Result is similar to the result of the following code:

arr = Array.new(10, 'something')

And it looks the same when you execute these two lines in REPL:

$ irb
> arr1 = Array.new(10) { 'something' }
 => ["something", "something", "something", "something", "something", "something", "something", "something", "something", "something"]

> arr2 = Array.new(10, 'something')
 => ["something", "something", "something", "something", "something", "something", "something", "something", "something", "something"]

But there is one subtle difference. While initializing, the first statement calls block. Every time it gets called we have new instance of String class with the value “something” in computer memory.

The second statement (when we define arr2 variable) Ruby takes already initialized “something” that we’re passing as second parameter. It gets created in memory before it gets passed to Array.new, and reference to this single instance is used for all cells of array.

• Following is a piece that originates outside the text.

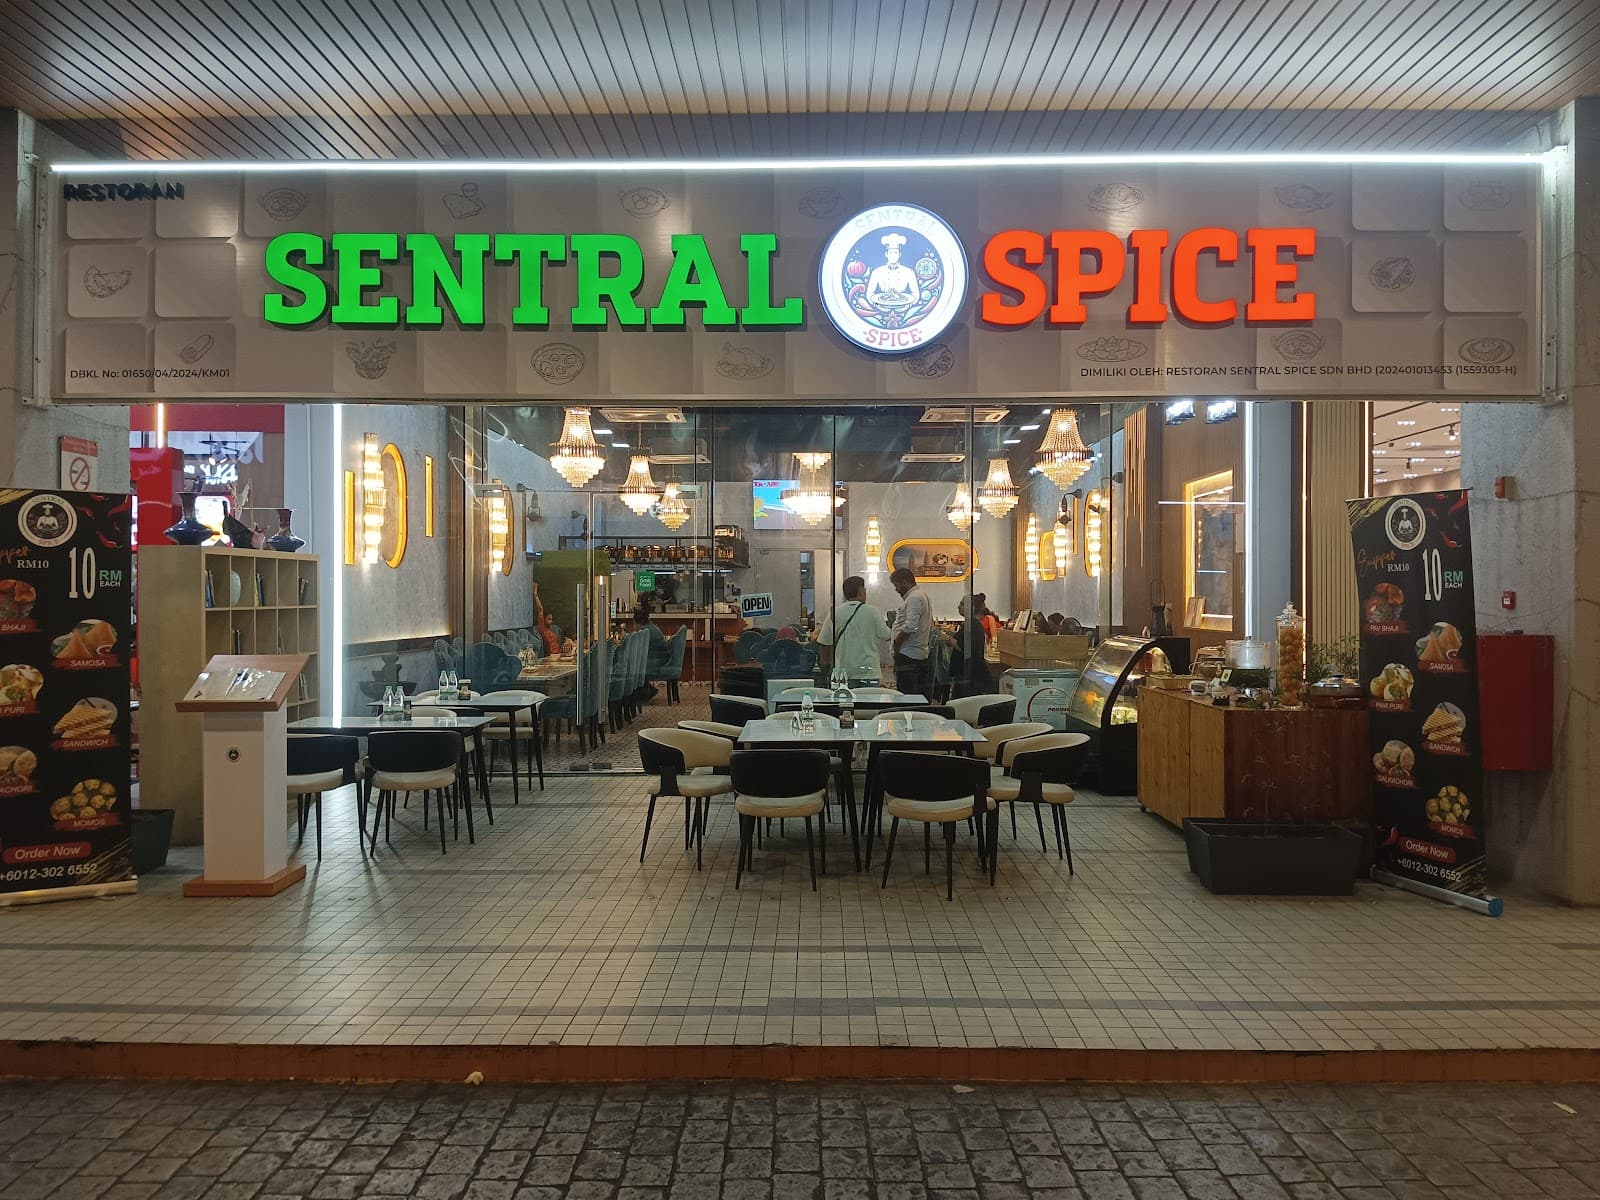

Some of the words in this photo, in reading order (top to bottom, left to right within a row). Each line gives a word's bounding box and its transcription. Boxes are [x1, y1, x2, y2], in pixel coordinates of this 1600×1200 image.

Proof is quite easy. For folks who aren’t familiar with Ruby too much it looks like a magic trick. Modify element by index 0 in first array where cell has reference to its own object (try steps below in your REPL):

arr1[0].upcase!

Result of arr1:

> arr1
 => ["SOMETHING", "something", "something", "something", "something", "something", "something", "something", "something", "something"]

As you can see, only first element was changed, and it’s the proof that every cell has reference to its own object for first array. Now let’s follow these steps for the second array:

> arr2[0].upcase!
 => "SOMETHING"
> arr2
 => ["SOMETHING", "SOMETHING", "SOMETHING", "SOMETHING", "SOMETHING", "SOMETHING", "SOMETHING", "SOMETHING", "SOMETHING", "SOMETHING"]

Every element in array was changed, because cells in second array have reference to the same element.

Can you guess how this program would work if before “arr2[0].upcase!” we’d reinitialize, let’ say, fifth element?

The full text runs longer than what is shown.